(Collected data)
● ● ● ● ● ● ●

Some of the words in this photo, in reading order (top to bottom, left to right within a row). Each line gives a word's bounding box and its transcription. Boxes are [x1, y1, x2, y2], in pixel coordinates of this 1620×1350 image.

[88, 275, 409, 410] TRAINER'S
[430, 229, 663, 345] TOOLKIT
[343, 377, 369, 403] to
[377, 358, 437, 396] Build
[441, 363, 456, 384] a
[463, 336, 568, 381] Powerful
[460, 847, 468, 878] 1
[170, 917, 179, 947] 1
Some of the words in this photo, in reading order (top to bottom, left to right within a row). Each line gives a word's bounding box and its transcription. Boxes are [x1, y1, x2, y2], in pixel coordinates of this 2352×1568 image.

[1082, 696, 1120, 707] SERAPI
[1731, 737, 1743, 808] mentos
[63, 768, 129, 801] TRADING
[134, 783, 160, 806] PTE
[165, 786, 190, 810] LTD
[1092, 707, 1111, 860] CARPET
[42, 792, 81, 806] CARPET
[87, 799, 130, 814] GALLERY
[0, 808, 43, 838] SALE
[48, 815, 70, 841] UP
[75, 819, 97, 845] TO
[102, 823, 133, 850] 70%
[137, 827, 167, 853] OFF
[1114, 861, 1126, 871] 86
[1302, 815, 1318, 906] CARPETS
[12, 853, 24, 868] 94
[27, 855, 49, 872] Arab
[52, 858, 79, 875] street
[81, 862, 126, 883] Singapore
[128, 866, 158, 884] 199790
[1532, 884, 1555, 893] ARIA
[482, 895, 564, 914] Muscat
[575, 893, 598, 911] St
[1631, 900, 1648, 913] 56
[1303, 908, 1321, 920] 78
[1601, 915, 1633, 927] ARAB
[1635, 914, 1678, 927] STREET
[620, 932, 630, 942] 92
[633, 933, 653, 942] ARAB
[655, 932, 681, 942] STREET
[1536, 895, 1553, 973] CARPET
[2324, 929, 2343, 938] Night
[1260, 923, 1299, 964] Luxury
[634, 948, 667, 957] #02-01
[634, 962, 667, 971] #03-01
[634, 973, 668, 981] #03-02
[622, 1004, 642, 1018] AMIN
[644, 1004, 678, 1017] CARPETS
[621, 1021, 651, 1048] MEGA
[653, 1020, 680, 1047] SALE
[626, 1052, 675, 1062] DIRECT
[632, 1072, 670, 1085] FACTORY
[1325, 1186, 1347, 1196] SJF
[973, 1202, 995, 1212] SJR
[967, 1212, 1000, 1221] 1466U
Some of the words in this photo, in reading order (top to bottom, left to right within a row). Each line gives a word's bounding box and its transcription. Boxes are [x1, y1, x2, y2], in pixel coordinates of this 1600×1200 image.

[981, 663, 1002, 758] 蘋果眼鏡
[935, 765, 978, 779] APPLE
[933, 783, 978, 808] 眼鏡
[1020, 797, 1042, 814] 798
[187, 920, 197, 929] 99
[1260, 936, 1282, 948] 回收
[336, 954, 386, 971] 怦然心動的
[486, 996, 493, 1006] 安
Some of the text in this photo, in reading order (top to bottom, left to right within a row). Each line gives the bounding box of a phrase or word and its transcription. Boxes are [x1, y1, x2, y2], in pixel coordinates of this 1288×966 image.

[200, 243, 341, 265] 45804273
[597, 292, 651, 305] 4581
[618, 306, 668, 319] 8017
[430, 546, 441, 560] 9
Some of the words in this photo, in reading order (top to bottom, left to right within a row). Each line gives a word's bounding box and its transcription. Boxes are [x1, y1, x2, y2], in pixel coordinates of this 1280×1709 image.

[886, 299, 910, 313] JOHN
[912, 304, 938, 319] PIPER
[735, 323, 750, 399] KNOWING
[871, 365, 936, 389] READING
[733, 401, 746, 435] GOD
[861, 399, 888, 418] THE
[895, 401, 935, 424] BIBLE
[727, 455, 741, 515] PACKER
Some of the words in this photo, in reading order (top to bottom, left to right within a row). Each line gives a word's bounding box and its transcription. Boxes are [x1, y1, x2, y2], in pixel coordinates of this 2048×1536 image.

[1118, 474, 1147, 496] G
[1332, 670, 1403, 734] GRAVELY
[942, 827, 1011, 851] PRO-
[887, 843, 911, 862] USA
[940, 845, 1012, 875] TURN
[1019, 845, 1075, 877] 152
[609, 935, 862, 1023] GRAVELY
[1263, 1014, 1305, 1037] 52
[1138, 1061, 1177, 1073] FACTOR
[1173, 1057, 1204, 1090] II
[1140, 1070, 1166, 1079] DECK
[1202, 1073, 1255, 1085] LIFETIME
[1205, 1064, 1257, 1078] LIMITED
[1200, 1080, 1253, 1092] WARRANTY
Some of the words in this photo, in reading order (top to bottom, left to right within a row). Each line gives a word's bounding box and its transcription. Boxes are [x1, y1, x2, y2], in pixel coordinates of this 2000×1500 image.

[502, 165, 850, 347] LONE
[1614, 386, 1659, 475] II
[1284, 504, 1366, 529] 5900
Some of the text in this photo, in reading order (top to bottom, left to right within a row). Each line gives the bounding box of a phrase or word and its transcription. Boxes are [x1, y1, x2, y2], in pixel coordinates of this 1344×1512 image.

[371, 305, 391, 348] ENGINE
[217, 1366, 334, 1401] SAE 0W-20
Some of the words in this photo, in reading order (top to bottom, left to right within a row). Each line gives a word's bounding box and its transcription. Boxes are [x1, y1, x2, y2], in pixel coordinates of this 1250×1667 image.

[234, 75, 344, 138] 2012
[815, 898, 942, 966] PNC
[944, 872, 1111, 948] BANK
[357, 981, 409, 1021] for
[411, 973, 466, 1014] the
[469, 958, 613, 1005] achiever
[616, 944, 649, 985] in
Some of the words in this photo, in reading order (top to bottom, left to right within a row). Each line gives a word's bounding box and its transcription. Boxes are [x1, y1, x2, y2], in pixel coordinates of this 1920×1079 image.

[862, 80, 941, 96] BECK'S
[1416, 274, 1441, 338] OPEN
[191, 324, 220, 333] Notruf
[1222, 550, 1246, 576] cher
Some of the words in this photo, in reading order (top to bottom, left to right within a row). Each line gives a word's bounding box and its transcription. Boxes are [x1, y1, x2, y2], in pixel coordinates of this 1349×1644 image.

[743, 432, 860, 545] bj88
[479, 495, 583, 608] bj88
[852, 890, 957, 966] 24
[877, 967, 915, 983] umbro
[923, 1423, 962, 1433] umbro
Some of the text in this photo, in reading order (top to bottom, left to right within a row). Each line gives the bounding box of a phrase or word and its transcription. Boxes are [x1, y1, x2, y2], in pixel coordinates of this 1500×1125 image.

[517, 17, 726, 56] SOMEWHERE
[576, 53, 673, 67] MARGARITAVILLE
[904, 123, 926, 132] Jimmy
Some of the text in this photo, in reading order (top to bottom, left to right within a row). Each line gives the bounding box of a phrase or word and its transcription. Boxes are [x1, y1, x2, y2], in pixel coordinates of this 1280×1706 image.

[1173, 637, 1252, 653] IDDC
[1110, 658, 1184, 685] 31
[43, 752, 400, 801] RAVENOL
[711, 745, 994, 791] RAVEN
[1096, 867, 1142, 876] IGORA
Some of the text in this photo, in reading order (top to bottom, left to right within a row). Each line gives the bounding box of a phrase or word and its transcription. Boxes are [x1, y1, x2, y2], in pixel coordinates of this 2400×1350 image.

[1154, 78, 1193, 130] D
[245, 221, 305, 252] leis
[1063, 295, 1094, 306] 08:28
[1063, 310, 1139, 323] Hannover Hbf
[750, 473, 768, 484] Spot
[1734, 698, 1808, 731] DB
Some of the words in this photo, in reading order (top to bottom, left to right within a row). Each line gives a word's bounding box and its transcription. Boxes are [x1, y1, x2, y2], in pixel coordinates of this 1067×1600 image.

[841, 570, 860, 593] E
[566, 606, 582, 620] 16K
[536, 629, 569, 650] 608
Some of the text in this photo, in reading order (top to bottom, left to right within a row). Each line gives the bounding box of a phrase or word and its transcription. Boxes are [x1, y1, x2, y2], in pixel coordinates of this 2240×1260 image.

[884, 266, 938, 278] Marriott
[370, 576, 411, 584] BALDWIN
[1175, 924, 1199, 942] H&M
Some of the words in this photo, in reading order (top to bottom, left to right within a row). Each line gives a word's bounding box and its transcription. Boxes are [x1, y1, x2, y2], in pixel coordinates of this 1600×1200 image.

● ● ● ● ● ● ●

- _INSTRUCTIONS TO FOLLOW_:
The required output is every line of the entries, starting at the one that contains "this 1067×1600 image." and ending at the last, copied exactly.

- _ANSWER FOR THIS EXERCISE_:
Some of the words in this photo, in reading order (top to bottom, left to right within a row). Each line gives a word's bounding box and its transcription. Boxes are [x1, y1, x2, y2], in pixel coordinates of this 1067×1600 image.

[841, 570, 860, 593] E
[566, 606, 582, 620] 16K
[536, 629, 569, 650] 608
Some of the text in this photo, in reading order (top to bottom, left to right within a row). Each line gives the bounding box of a phrase or word and its transcription. Boxes are [x1, y1, x2, y2], in pixel coordinates of this 2240×1260 image.

[884, 266, 938, 278] Marriott
[370, 576, 411, 584] BALDWIN
[1175, 924, 1199, 942] H&M
Some of the words in this photo, in reading order (top to bottom, left to right within a row). Each line gives a word's bounding box and its transcription. Boxes are [x1, y1, x2, y2], in pixel coordinates of this 1600×1200 image.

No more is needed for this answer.